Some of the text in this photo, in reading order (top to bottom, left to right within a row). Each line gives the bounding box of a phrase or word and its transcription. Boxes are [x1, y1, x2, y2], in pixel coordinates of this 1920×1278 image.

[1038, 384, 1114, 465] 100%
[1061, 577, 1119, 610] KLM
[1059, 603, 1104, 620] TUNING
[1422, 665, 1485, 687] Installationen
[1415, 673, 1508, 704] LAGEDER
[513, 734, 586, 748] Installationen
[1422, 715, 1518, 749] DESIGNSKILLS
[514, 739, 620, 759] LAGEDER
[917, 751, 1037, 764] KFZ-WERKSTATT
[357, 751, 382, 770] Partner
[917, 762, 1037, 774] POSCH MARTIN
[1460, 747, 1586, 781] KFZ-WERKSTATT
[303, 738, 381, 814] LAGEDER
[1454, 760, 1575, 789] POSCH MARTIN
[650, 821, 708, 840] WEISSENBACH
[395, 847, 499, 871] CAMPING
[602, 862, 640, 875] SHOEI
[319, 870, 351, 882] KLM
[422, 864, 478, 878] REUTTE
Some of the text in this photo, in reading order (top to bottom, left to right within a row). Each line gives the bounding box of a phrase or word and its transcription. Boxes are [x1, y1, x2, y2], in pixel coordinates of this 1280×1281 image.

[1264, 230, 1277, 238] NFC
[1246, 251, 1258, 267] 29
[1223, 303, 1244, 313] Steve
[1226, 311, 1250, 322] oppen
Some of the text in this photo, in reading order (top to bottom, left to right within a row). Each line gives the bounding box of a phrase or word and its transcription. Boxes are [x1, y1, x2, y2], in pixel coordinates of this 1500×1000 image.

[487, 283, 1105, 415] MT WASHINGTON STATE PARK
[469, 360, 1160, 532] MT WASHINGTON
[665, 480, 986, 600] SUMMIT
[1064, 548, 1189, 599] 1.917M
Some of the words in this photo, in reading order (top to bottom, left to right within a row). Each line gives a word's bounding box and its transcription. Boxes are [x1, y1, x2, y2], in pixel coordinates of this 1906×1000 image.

::::

▸ EXERCISE DETAILS
Give every line above again, word for word.

▸ SOLVED PROBLEM
Some of the text in this photo, in reading order (top to bottom, left to right within a row). Each line gives the bounding box of a phrase or word and its transcription. Boxes are [x1, y1, x2, y2], in pixel coordinates of this 1920×1278 image.

[1038, 384, 1114, 465] 100%
[1061, 577, 1119, 610] KLM
[1059, 603, 1104, 620] TUNING
[1422, 665, 1485, 687] Installationen
[1415, 673, 1508, 704] LAGEDER
[513, 734, 586, 748] Installationen
[1422, 715, 1518, 749] DESIGNSKILLS
[514, 739, 620, 759] LAGEDER
[917, 751, 1037, 764] KFZ-WERKSTATT
[357, 751, 382, 770] Partner
[917, 762, 1037, 774] POSCH MARTIN
[1460, 747, 1586, 781] KFZ-WERKSTATT
[303, 738, 381, 814] LAGEDER
[1454, 760, 1575, 789] POSCH MARTIN
[650, 821, 708, 840] WEISSENBACH
[395, 847, 499, 871] CAMPING
[602, 862, 640, 875] SHOEI
[319, 870, 351, 882] KLM
[422, 864, 478, 878] REUTTE
Some of the text in this photo, in reading order (top to bottom, left to right within a row). Each line gives the bounding box of a phrase or word and its transcription. Boxes are [x1, y1, x2, y2], in pixel coordinates of this 1280×1281 image.

[1264, 230, 1277, 238] NFC
[1246, 251, 1258, 267] 29
[1223, 303, 1244, 313] Steve
[1226, 311, 1250, 322] oppen
Some of the text in this photo, in reading order (top to bottom, left to right within a row). Each line gives the bounding box of a phrase or word and its transcription. Boxes are [x1, y1, x2, y2], in pixel coordinates of this 1500×1000 image.

[487, 283, 1105, 415] MT WASHINGTON STATE PARK
[469, 360, 1160, 532] MT WASHINGTON
[665, 480, 986, 600] SUMMIT
[1064, 548, 1189, 599] 1.917M
Some of the words in this photo, in reading order (top to bottom, left to right within a row). Each line gives a word's bounding box and its transcription. Boxes are [x1, y1, x2, y2], in pixel coordinates of this 1906×1000 image.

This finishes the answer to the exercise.